Farm Progress

Twenty years ago, soybean industry introduced ‘Harvest Lights’

Scented candles made from soybean oil were introduced in hopes of finding a new market for soybeans.

Jacky Goerzen

November 5, 2018

2 Min Read
NEW IN 1998: Twenty years ago, the new product for Christmas season was Harvest Lights, scented candles made from soybean oil.

Twenty years ago, a "what's new" from the soybean industry was Harvest Lights, scented candles made from soybean oil. Developers estimated that capturing just 10% of the traditional paraffin candle market would produce a market for an additional 5 million bushels of soybeans.

Harvest Lights candles were also advertised to burn cleaner and cooler, leaving behind no sooty residue. The initial offering of candles came in three sizes and a choice of blueberry, black cherry, lemon, vanilla, cinnamon and clover scents. You can still find them online.

100 years ago
The Weekly Kansas City Star made a pitch for women readers in the Dec. 7, 1918, edition of Kansas Farmer. The Weekly Star promised "four complete novels a year, free advice on social forms and beauty aids, war time menus, suggestions for lessening kitchen drudgery, and an active campaign on behalf of nationwide suffrage for women, prohibition and better lights, heat and water for farm homes." A full year's subscription was 50 cents.

70 years ago
Sweet clover was being widely touted for its soil-building ability. Farmers were being urged to plant sweet clover as a way of adding nitrogen to the soil, as well as providing tilth that helped the soil absorb and hold moisture.
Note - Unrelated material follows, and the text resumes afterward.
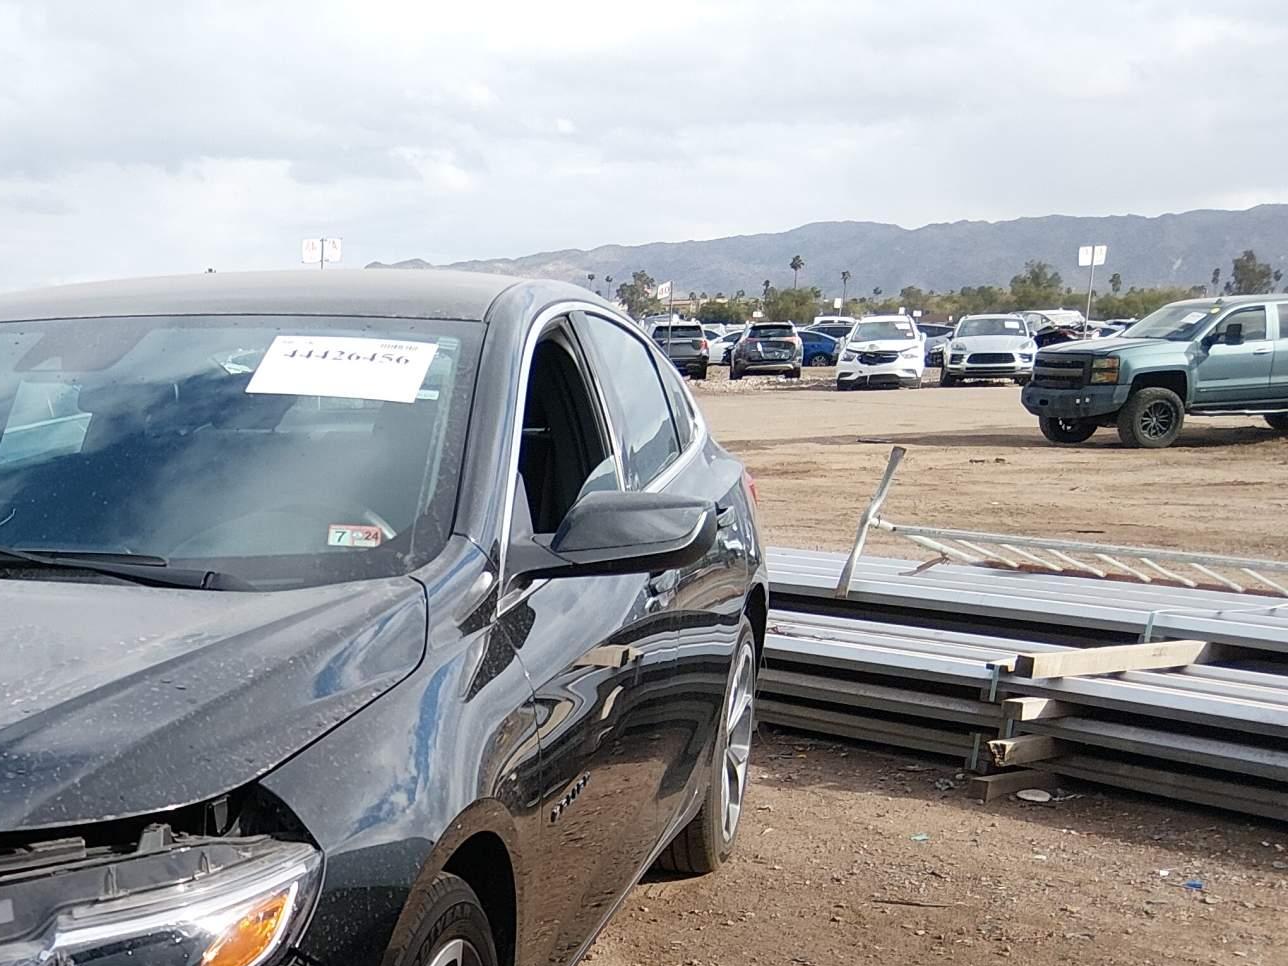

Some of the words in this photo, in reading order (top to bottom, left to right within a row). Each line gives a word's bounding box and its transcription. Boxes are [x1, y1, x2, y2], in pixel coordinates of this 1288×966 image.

Wheat seeding into land where clover had been grown in the prior season showed a significant yield advantage.

60 years ago
Corn growers in Kansas and 25 other commercial corn producing states voted in 1958 for a new program calling for the elimination of corn acreage allotments and for a new method of setting support price for the 1959 and succeeding crops.

Under the new program, there will be no restrictions on acreages planted to corn and price supports on a national average basis will be 0% of the preceding 3-year average price received by producers of corn, but not less than 65% of parity.

50 years ago
The protein of the Kansas wheat crop in 1968 was 11.7%, down from the previous year's 12.9% but pretty close to the 10-year average if 11.9%.

In fact, Kansas records showed that protein content of Kansas wheat had been right around 12 percent every year since 1948, with little evidence that the content had been increasing or decreasing over an extended period of time.

The protein content of wheat can be affected by weather, the amount of nutrients applied to the crop and the time of planting and fertilizer application.

Goerzen is the executive director of Old Cowtown Museum in Wichita.